写真6 フォトリフレクタに指を置いて脈拍を調べる
実際にシリアルモニターに表示された数値をコピーしてEXCELなどでグラフにしてみます。
下記の図5、6、7がグラフにした結果です。脈拍は、一般的には1分間に60〜100回が正常値とされていますので、その数値を取得するため、プログラム側のdelayをいくつか変えてみてどのようなグラフになるか調べてみます。

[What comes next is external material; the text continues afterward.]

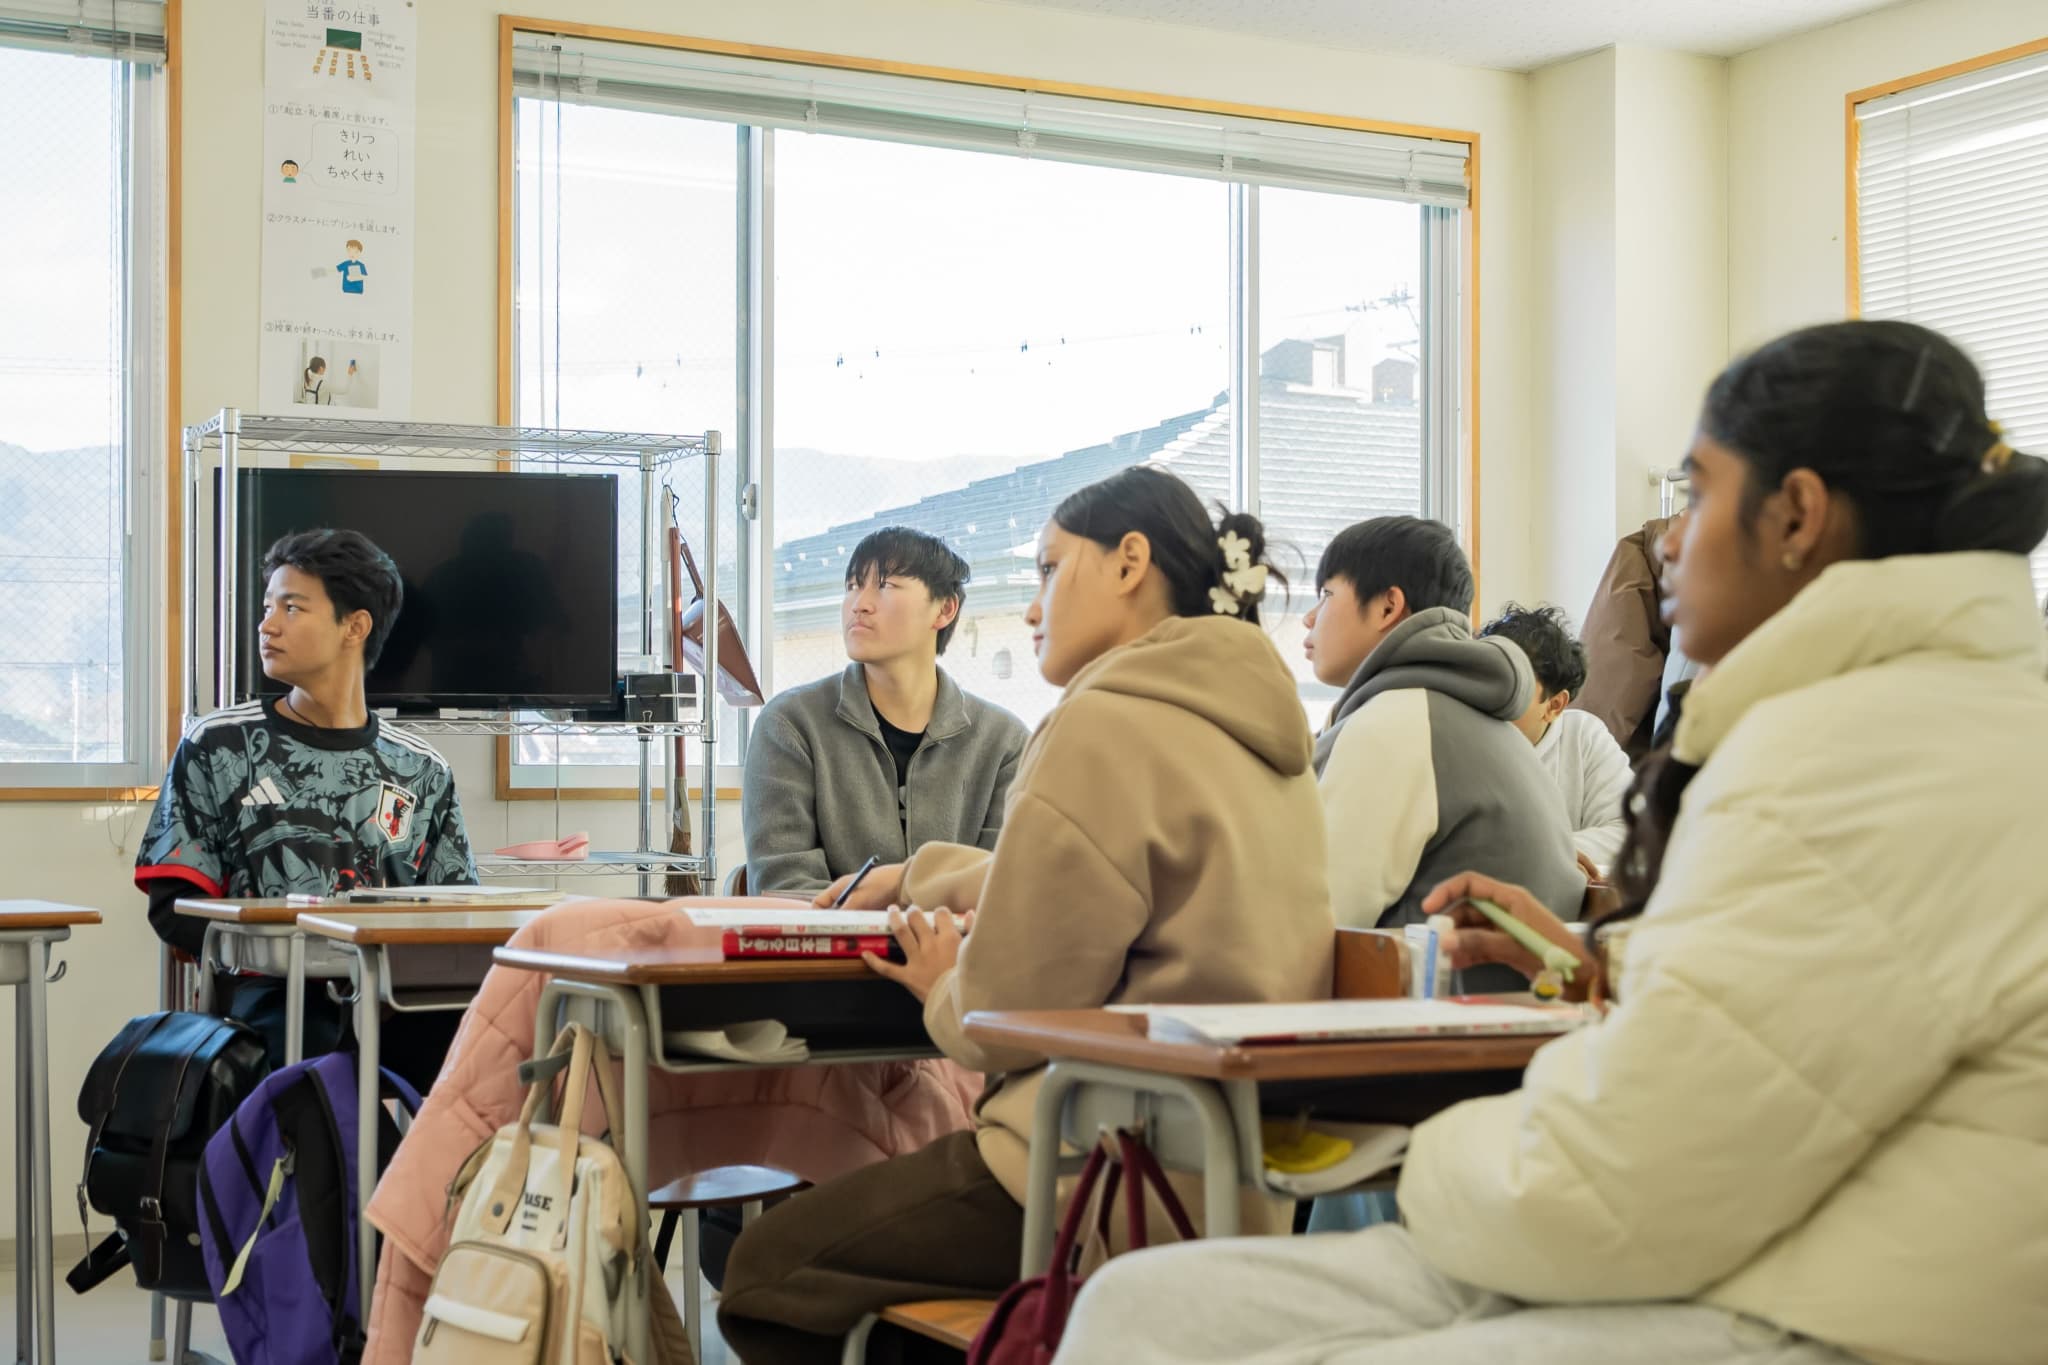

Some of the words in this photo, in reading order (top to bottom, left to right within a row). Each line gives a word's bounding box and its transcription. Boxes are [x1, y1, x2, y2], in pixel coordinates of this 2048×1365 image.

図5 データをEXCELでグラフ化(delayを50に設定)

図6 データをEXCELでグラフ化(delayを100に設定)

図7 データをEXCELでグラフ化(delayを500に設定)
これらのグラフを見てみると、図5のようにdelayが短ければ短いほど綺麗に脈拍(血流量)の変動が取得できていますね。
いろいろ試してみると、指が動いたり、力が入ったりすると値がすぐに変動してしまいます。図7では、delay500だと脈拍か、指が動いたノイズなのかグラフから判断することが難しくなっていますね。
今回の目的は脈拍を「見る」だけですが、このようにデータをどのくらいの間隔で取得して、どのように利用するかなどを考えながらプログラムを調整していく必要があります。脈拍の数値をできるだけ正確に取り出して何かに応用するためには、回路やプログラムに調整を加える必要があります。
回路ではオペアンプなどを使ってフォトリフレクタの値を増幅し、ある程度の数値をカットするなどの処理を加えることで実現ができます。詳しくは「Arduino 脈拍」などで検索すると、回路図がたくさん出てきますので気になる人は試してみてください。
計算式を工夫して脈拍をわかりやすくする
オペアンプを利用しなくとも手軽に、今回のプログラムでも脈拍を強調することができます。脈拍の計算式に工夫をして、盛り上がっているところをさらに盛り上げるような式にすることで、下記のようなグラフにすることも可能です。

図8 計算式に工夫をしたグラフ
//******************************************************************** //* フォトリフレクタからの入力を表示するプログラム //******************************************************************** int pin = 0; // void setup() { Serial.begin(9600) ; } void loop() { int val; val = analogRead(pin) ; //アナログ1番ピンからセンサ値を読み込み val = (val*val)/100; //計算式を工夫 Serial.println(val) ; // シリアルモニターへ表示 delay(100) ; // 100ms待つ }
ここでは、単純に入力値を二乗して、盛り上がっているところはさらに盛り上がるようにしています。
グラフの前後で指の位置を変えているためその血流量で変化が出ていることがわかります。この単純な工夫から発展させて必要な部分だけを取り出すようにするのに、高校の数学で「微分方程式」を習った方は、その数式を利用してグラフの中で必要なデータを取り出したりすることが可能になります。
まとめ
今回、フォトリフレクタという1つのセンサを利用して色々な使い方を学んでみました。これだけにとどまらず、試行錯誤の中で新しい使い方を発見することがあります。面白いものや、世の中をあっ!と驚かせるような発見につながることもありますので、ぜひ試してみてください。